Hanifa mendorongnya dan bersiap berangkat ke sekolah. Pagi ini ia akan berangkat ke sekolah lebih pagi, karena ia bertugas piket kelas. Ia tidak ingin terlambat datang ke sekolah karena harus menunggu si Oki yang sangat lambat untuk bangun pagi.
Sejak semalaman dia sudah membuat pengumuman pada seluruh isi rumah bahwa besok ia harus bangun pagi-pagi sekali, karena ada jadwal piket kelas. Oleh sebab itu, ia tidak mau menunggu adik bungsunya yang dipanggil Oki itu, untuk berangkat sekolah bersama. Karena pasti akan terlambat masuk.

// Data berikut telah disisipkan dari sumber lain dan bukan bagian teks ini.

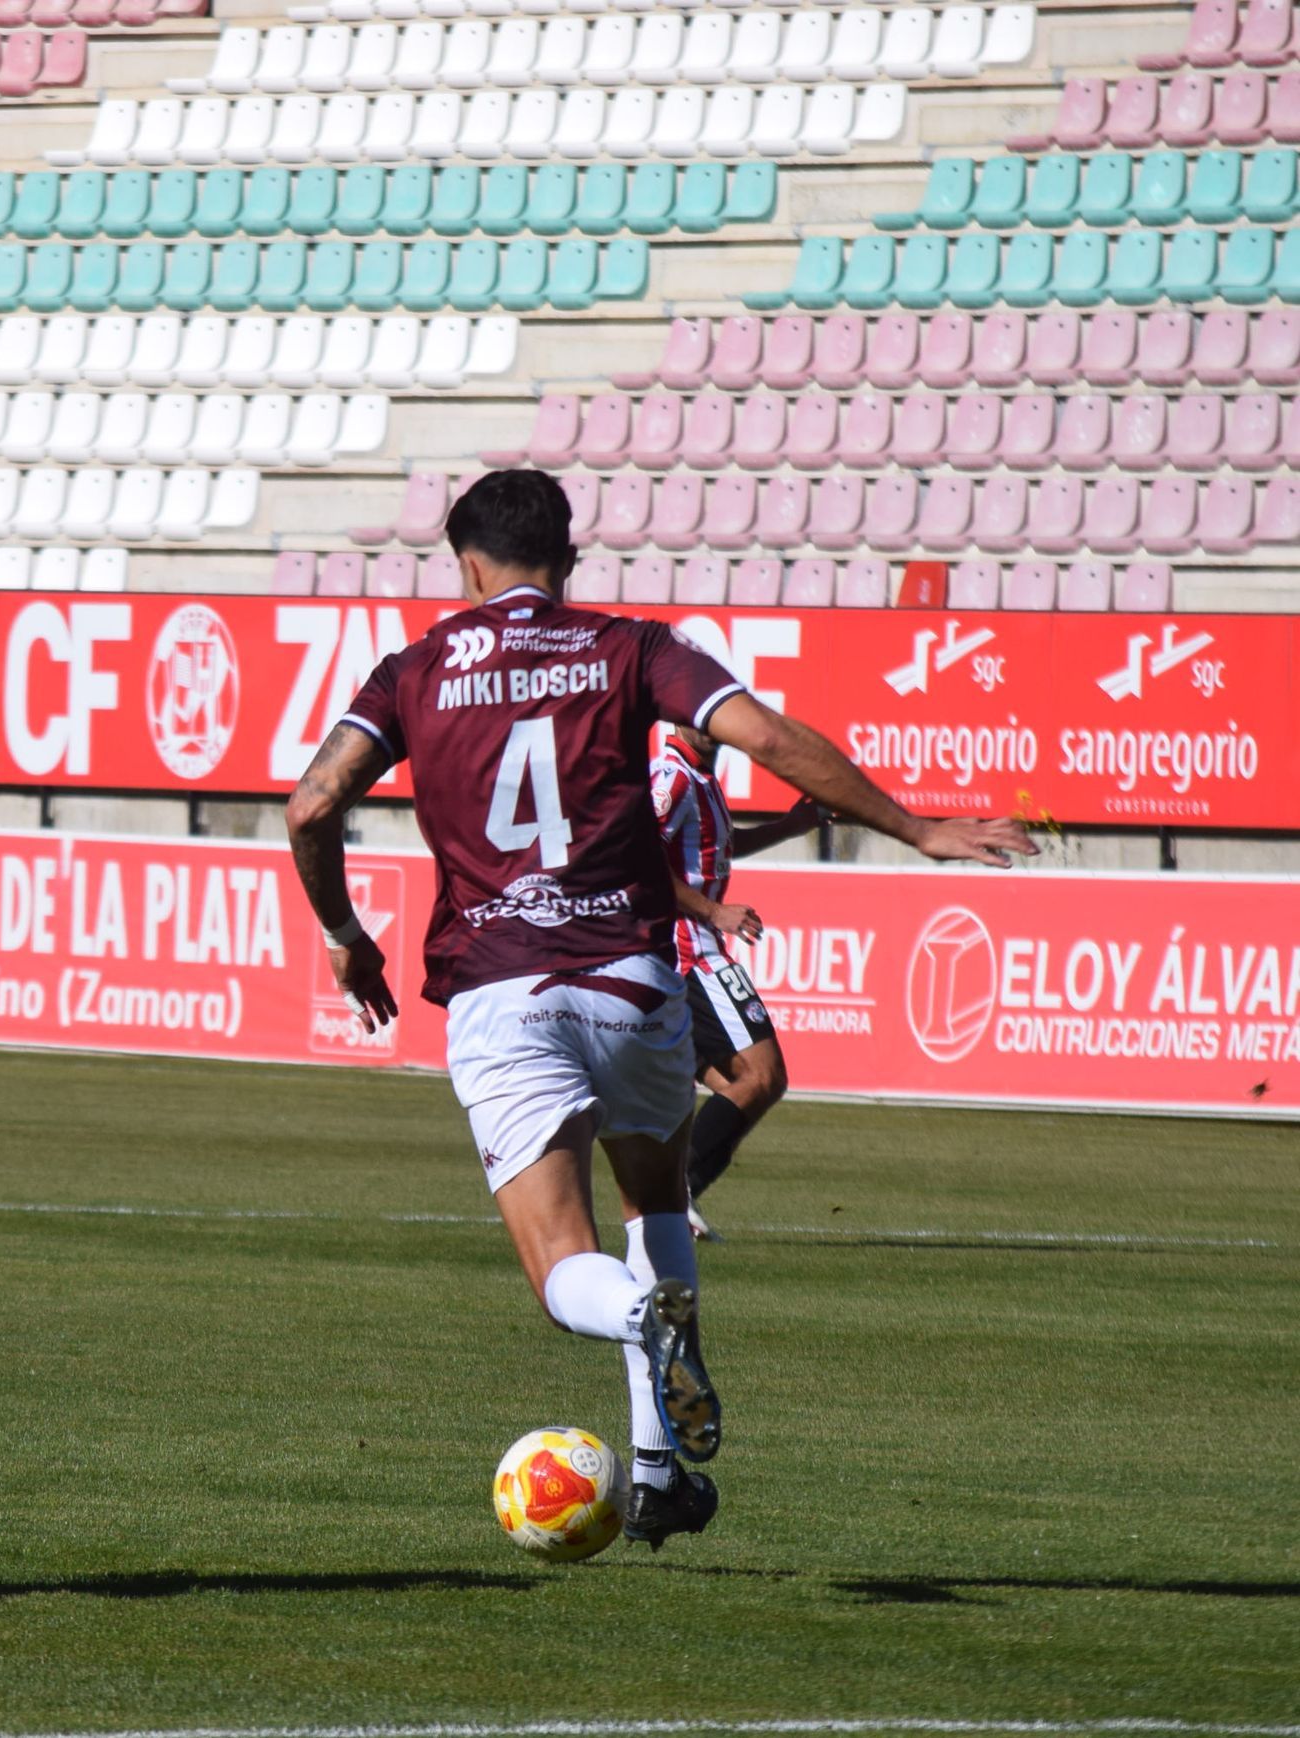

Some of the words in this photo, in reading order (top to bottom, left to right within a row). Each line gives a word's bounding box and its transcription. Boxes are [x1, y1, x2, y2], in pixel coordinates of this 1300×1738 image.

“Pokoknya, besok Hanifa berangkat sekolah duluan,” suaranya berteriak sengit saat Oki kekeuh harus berangkat sekolah dengan bersepeda bersama.
“Tapi, kan itu sepeda kata Bapak buat kita pakai berdua Mbak,” suara Oki tak kalah sengit.
“Ya udah, pokoknya kalo besok nggak bangun pagi-pagi Mbak berangkat duluan,” Hanifa memberi ultimatum pada adik bungsunya.
Akhirnya Oki hanya bisa bersungut-sungut meninggalkan ruang tengah. Lalu pergi keluar rumah saat seorang temannya datang memanggil. Huft, akhirnya Hanifa menghembuskan nafas lega. Setidaknya berakhir sementara perdebatan malam itu dengan adik laki-lakinya yang keras kepala itu.
***
Hanifa pamit berangkat ke sekolah setelah berpamitan dengan emak yang masih sibuk mencuci piring. Ia terbiasa berangkat ke sekolah tanpa sarapan terlebih dahulu. Emak memberinya uang saku Rp. 500. Dengan uang itu ia biasanya menggunakan sebagiannya untuk membeli sarapan di kedai sekolah. Serta menabung sebagian lainnya untuk membeli keperluan atau mainan yang dia inginkan.
Dengan mengayuh sepeda Hanifa berangkat ke sekolah. Menyusuri jalanan berkerikil yang naik turun. Melewati rumah-rumah penduduk yang perlahan mulai ramai menyetel suara dengan volume tinggi dari tape recorder.
Hanifa megayuh sepedanya dengan semangat. Satu dua ia mulai bertemu anak-anak desa yang berjalan kaki menuju sekolah. Beberapa kali ia melemparkan senyum kepada anak-anak yang dia kenal.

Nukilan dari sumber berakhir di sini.